Data: Begin

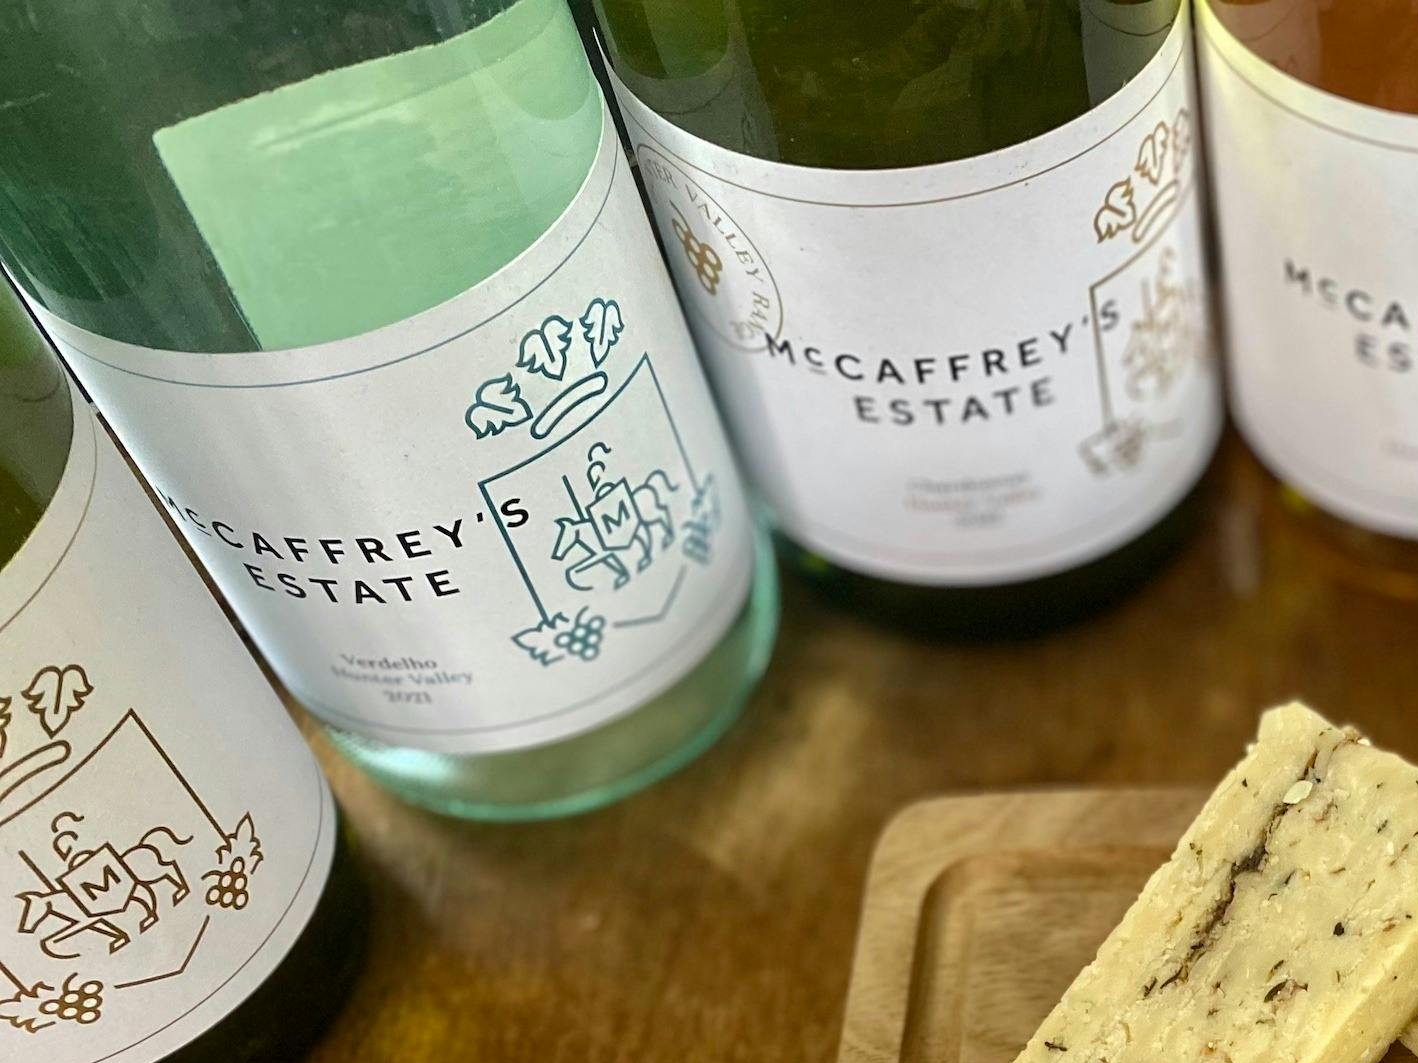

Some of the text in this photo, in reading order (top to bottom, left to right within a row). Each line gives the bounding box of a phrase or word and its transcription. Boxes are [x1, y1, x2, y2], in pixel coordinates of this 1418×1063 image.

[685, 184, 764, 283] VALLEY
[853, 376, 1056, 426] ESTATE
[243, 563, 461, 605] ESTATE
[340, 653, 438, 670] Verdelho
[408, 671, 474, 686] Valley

Data: End

Please write out the whole listing exactly, but not the pictures in it.

Answer below:
Some of the text in this photo, in reading order (top to bottom, left to right within a row). Each line gives the bounding box of a phrase or word and its transcription. Boxes are [x1, y1, x2, y2], in pixel coordinates of this 1418×1063 image.

[685, 184, 764, 283] VALLEY
[853, 376, 1056, 426] ESTATE
[243, 563, 461, 605] ESTATE
[340, 653, 438, 670] Verdelho
[408, 671, 474, 686] Valley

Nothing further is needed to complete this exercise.